### The problem
Repeat only the lines from the one holding "Some of the words" down to the last line of the listing below, including both of those lines.

### Materials provided
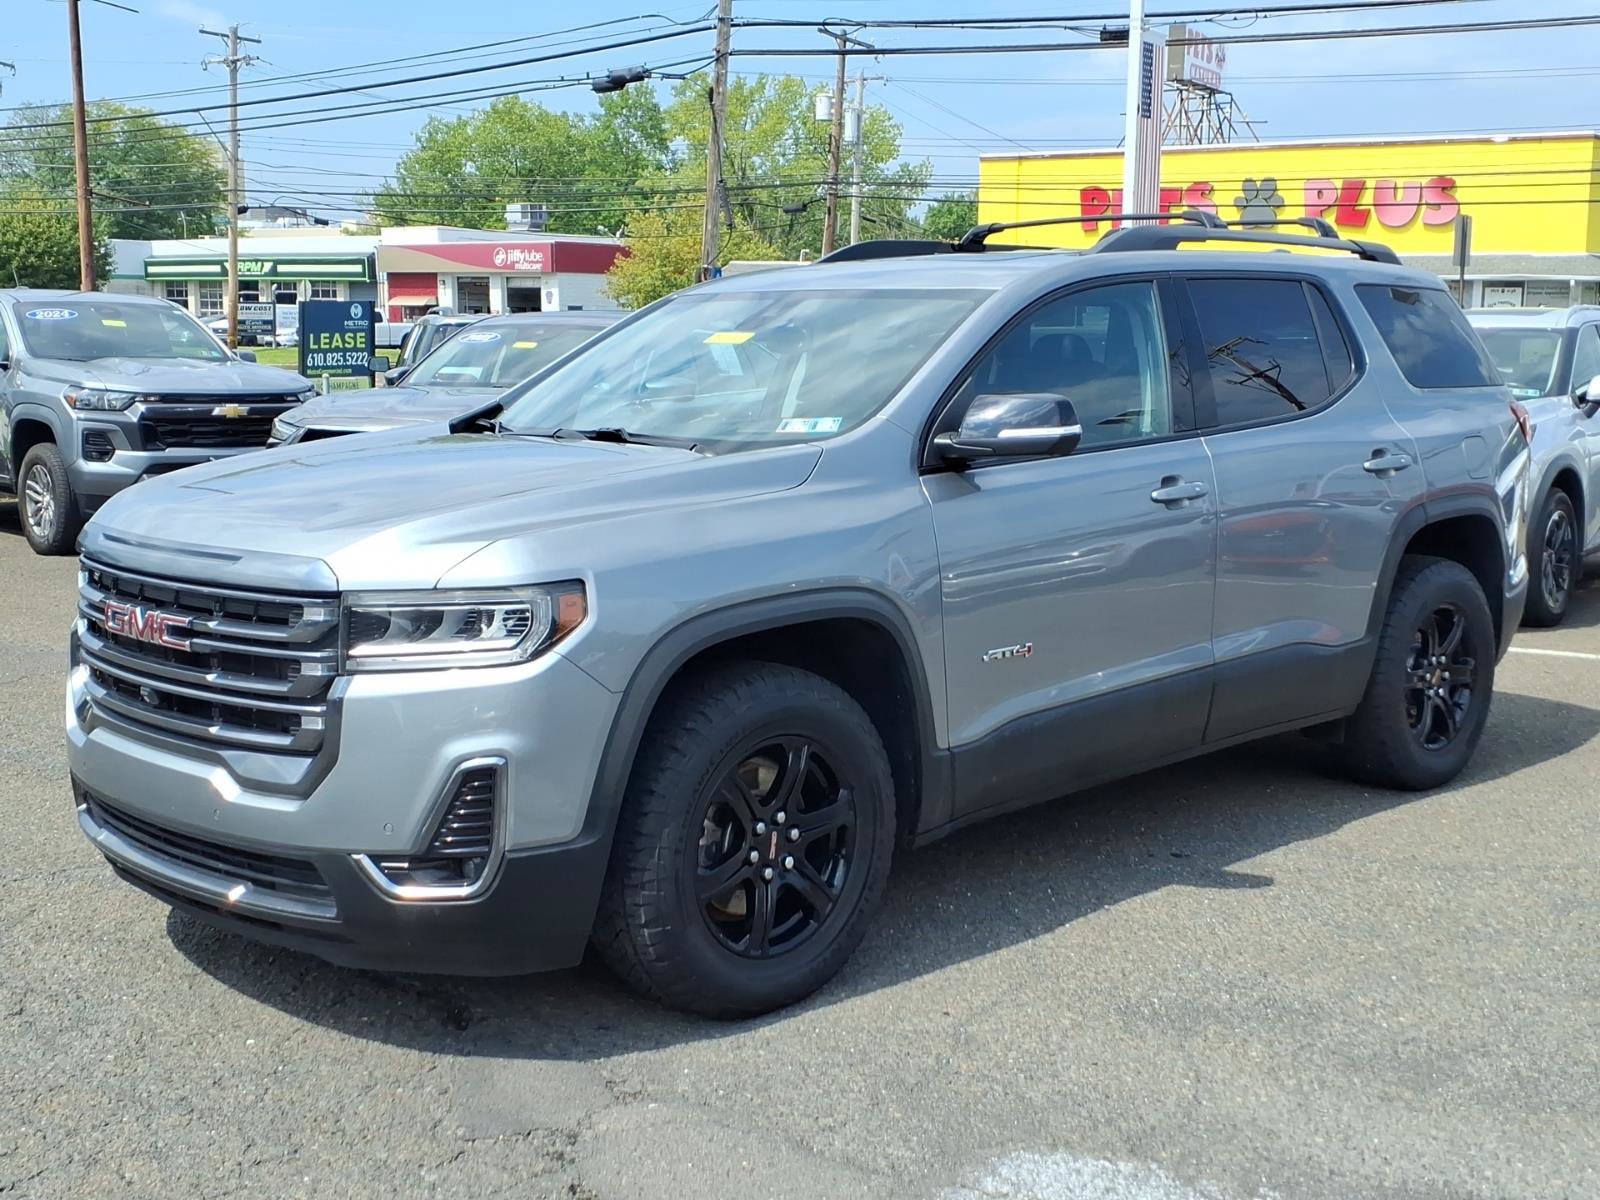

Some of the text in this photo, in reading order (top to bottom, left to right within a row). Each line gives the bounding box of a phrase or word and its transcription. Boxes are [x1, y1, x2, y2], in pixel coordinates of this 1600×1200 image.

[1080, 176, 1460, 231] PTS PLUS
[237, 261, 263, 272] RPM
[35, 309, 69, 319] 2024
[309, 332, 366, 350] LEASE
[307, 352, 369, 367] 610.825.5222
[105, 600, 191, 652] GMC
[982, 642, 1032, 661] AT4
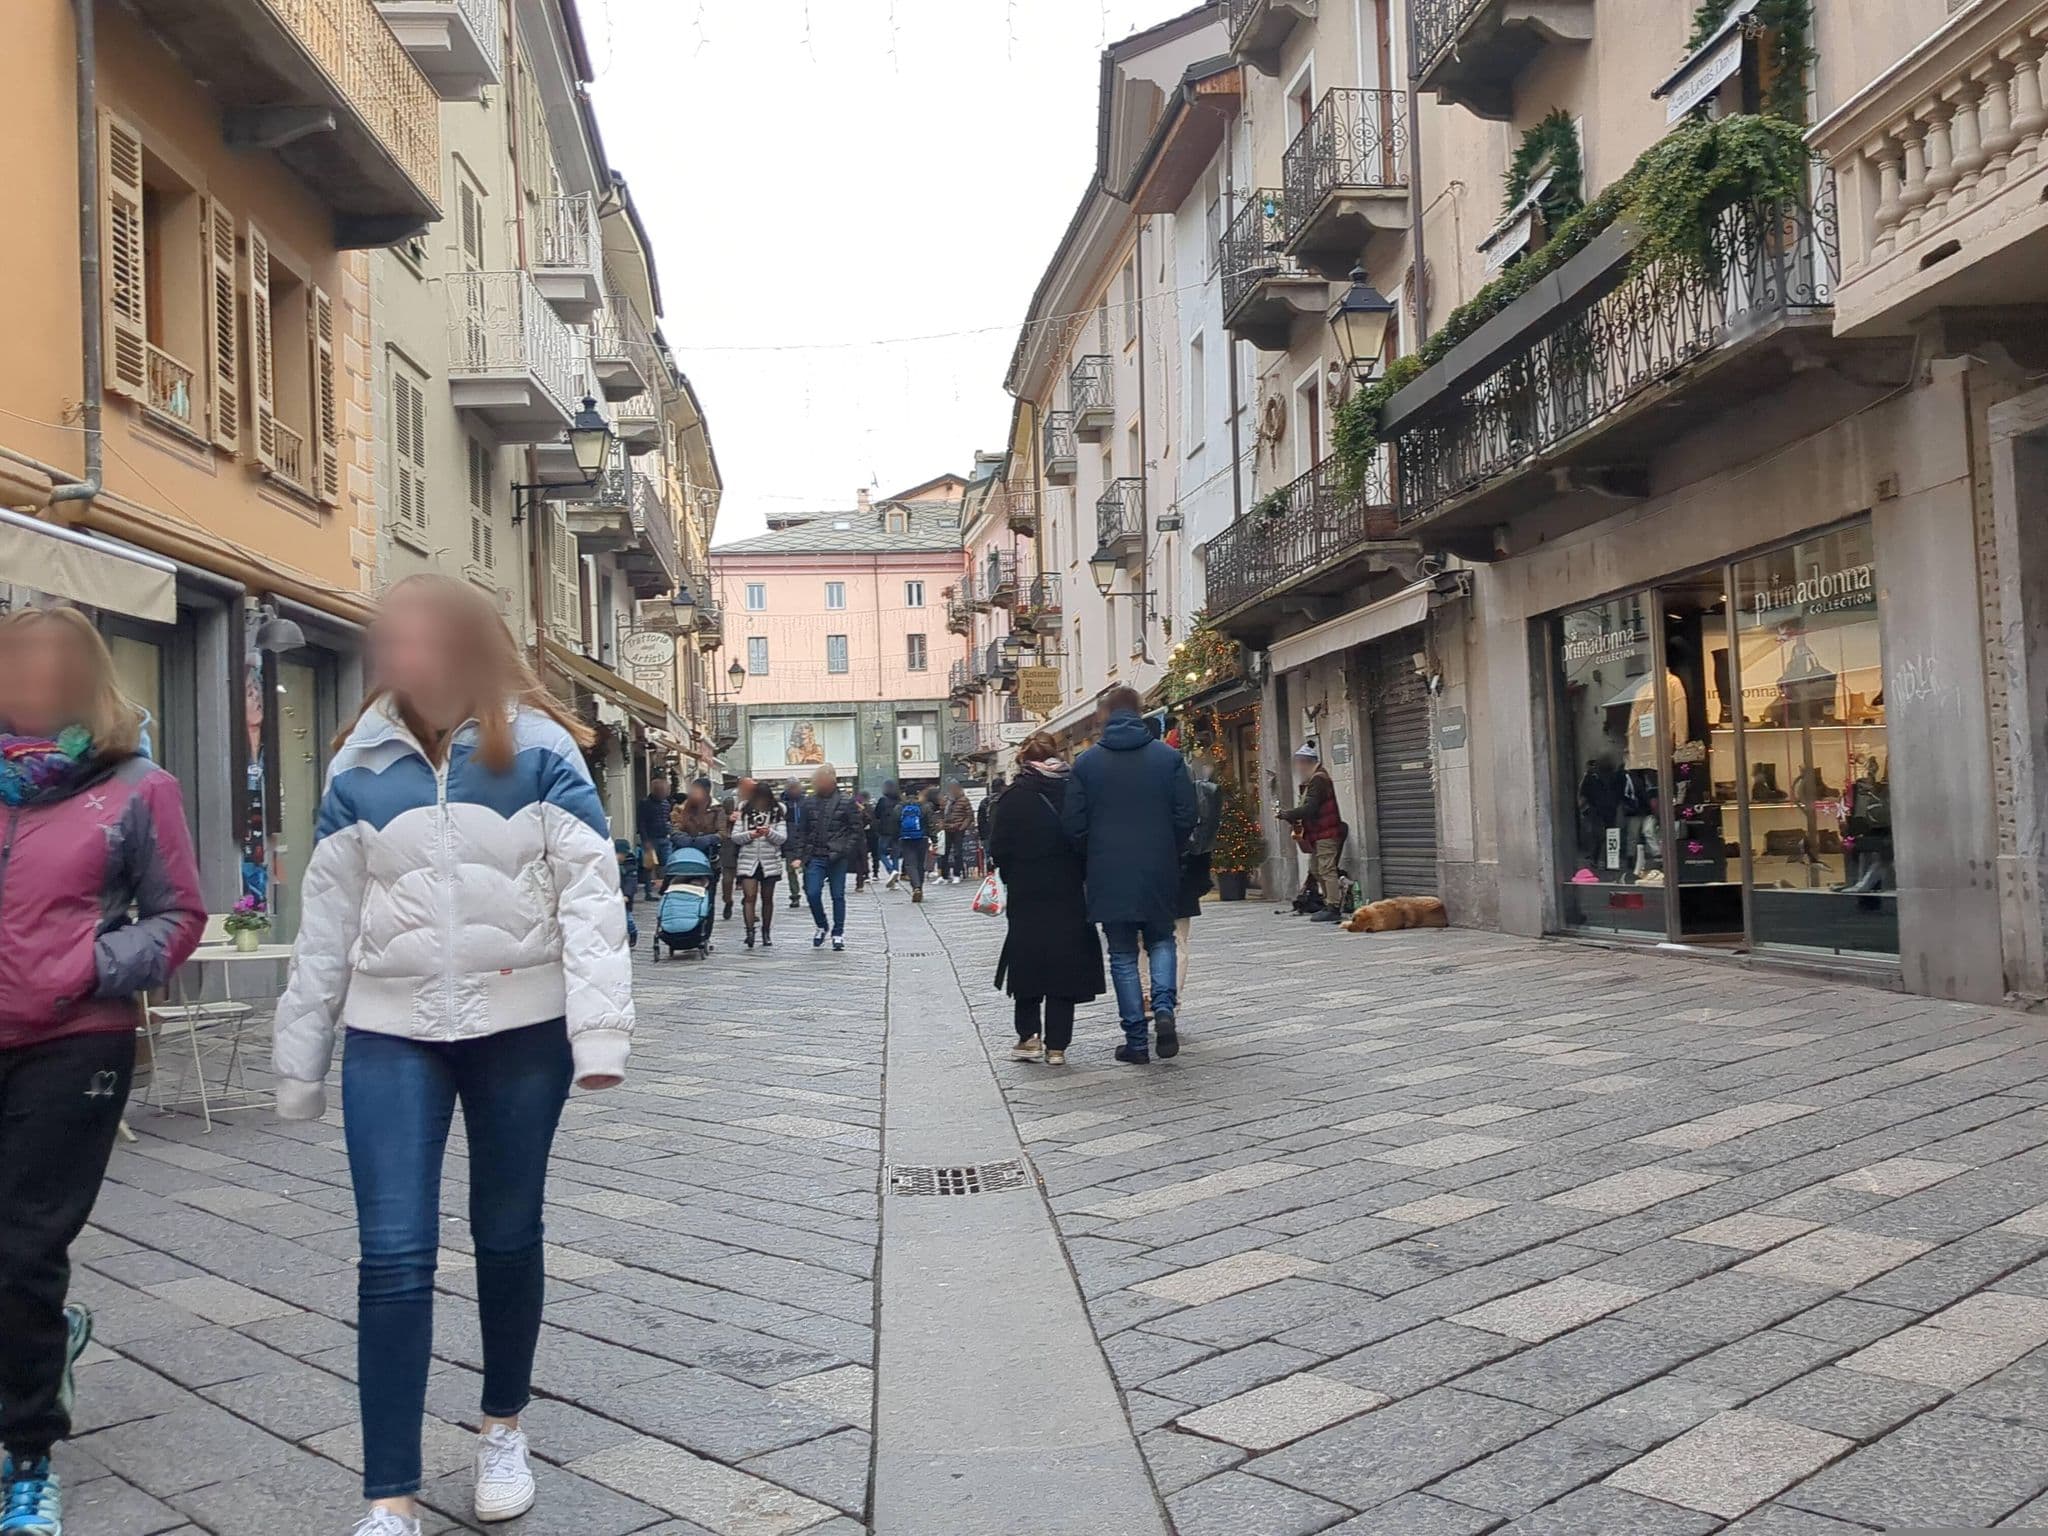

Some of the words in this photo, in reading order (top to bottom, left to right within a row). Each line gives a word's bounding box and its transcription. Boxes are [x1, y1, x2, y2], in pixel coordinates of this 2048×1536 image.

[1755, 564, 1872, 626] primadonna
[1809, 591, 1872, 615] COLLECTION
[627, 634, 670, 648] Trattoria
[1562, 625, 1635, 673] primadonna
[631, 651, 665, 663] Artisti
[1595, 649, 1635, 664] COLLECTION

### Response area
Some of the words in this photo, in reading order (top to bottom, left to right within a row). Each line gives a word's bounding box and its transcription. Boxes are [x1, y1, x2, y2], in pixel coordinates of this 2048×1536 image.

[1755, 564, 1872, 626] primadonna
[1809, 591, 1872, 615] COLLECTION
[627, 634, 670, 648] Trattoria
[1562, 625, 1635, 673] primadonna
[631, 651, 665, 663] Artisti
[1595, 649, 1635, 664] COLLECTION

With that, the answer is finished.